Mangoes and Peaches

I gently squeeze the peaches in the bowl on the counter, looking for that perfect ripeness. One of them suits my fancy. I rinse it in the sink, the water droplets sticking to the peach fuzz before they tumble down.

Molly trots over. Any activity that takes place in the kitchen requires her immediate supervision. You never know. I may be frying chicken or baking meatloaf.

I smile and let her sniff the peach, knowing she won’t like it. To my surprise, instead of a disappointed, “Oh. Fruit,” she gives me her best, “Please, please, please, won’t you share some with me?”
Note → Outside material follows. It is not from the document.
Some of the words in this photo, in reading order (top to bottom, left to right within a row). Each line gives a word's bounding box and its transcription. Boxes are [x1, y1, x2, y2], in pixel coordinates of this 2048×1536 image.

I’m surprised. I ignore her and bite into my peach, then look back over my shoulder.


I toss her a bite. She catches it mid-air and chomps it down. “Is that all I get?”
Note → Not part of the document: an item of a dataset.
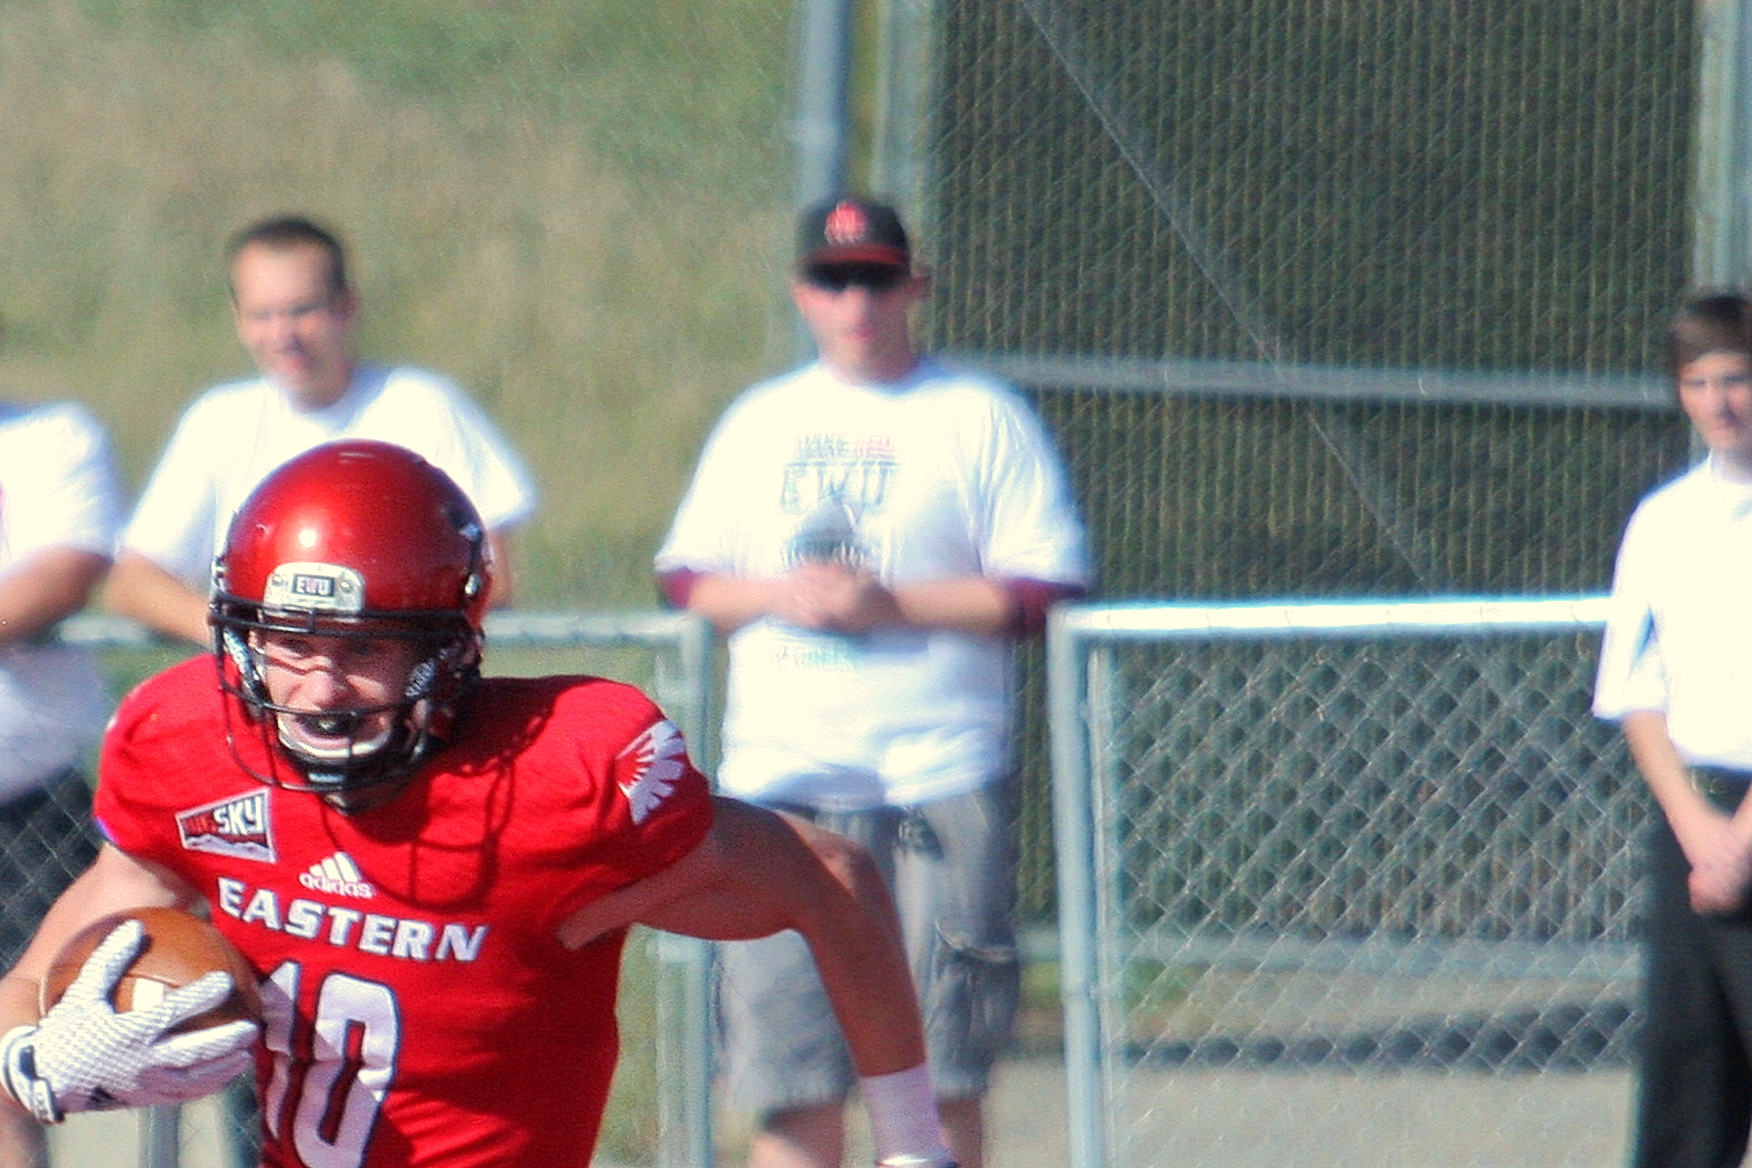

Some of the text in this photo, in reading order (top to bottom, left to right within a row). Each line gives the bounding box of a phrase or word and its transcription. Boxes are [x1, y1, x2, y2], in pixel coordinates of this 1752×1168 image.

[296, 575, 333, 597] EWU
[213, 795, 264, 836] SKY
[298, 871, 375, 899] adidas
[217, 876, 490, 963] EASTERN
I toss her another bite, waiting for her to realize her mistake and spit it out. Instead, I make a new discovery: In addition to raw radishes, steamed kale stems, and the occasional blueberry, my dog likes peaches. But the jury’s still out on mangoes. I think she finds the texture funny.
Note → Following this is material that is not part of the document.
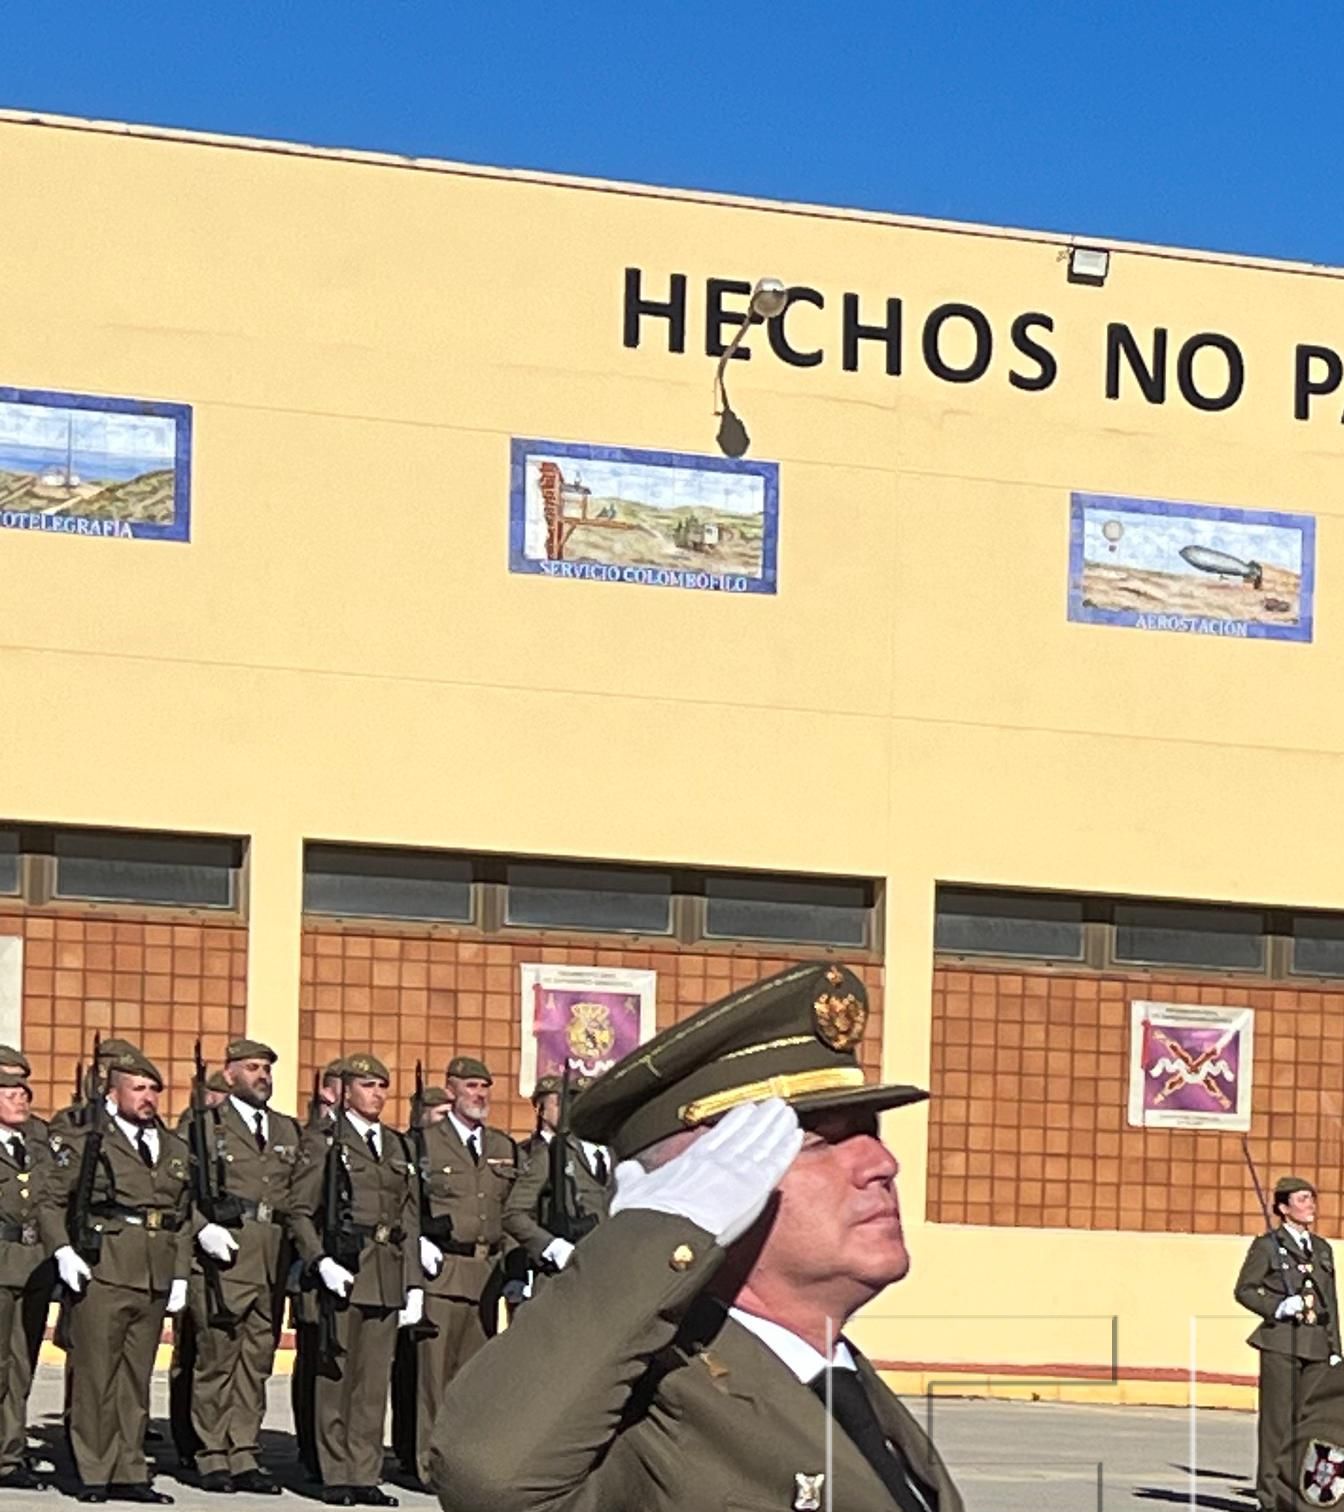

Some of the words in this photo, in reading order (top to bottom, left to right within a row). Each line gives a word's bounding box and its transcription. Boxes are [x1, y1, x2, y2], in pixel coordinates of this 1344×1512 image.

[623, 267, 1059, 392] HECHOS
[1104, 322, 1246, 412] NO
[540, 560, 620, 581] SERVICIO
I’m always looking for something new to throw into the food dish or serve as a treat. Trying new foods is all a part of our culinary adventure—and not just new meats, but new veggies too, and yes, even a little fruit. The effort is small, but the reasons are important:

  • If a pet eats the same thing every day, she could develop an allergy
  • As with human diets, variety is the best way to provide all the nutrients a pet’s body needs
  • It’s fun! Molly’s eyes light up when she gets something new, and she eats it with gusto

In large part, my dedication to variety is married to my rebellion against the conventional system–the same brand and flavor of kibble or canned food every day of a pet’s life. I wouldn’t like to eat that way. In fact, if I don’t pull out the cook book often enough or stroll down a different aisle of the grocery store now and again, my body gets lethargic and I don’t feel satisfied at meal times.

I see the same thing with Molly–particularly still being hungry after meals–if she hasn’t had something new in a while. Maybe it’s as simple as baking her dinner instead of frying it. Maybe it means going wild and buying that dehydrated lamb lung treat.

And maybe it means listening to your dog when she says she wants to try some of your peach.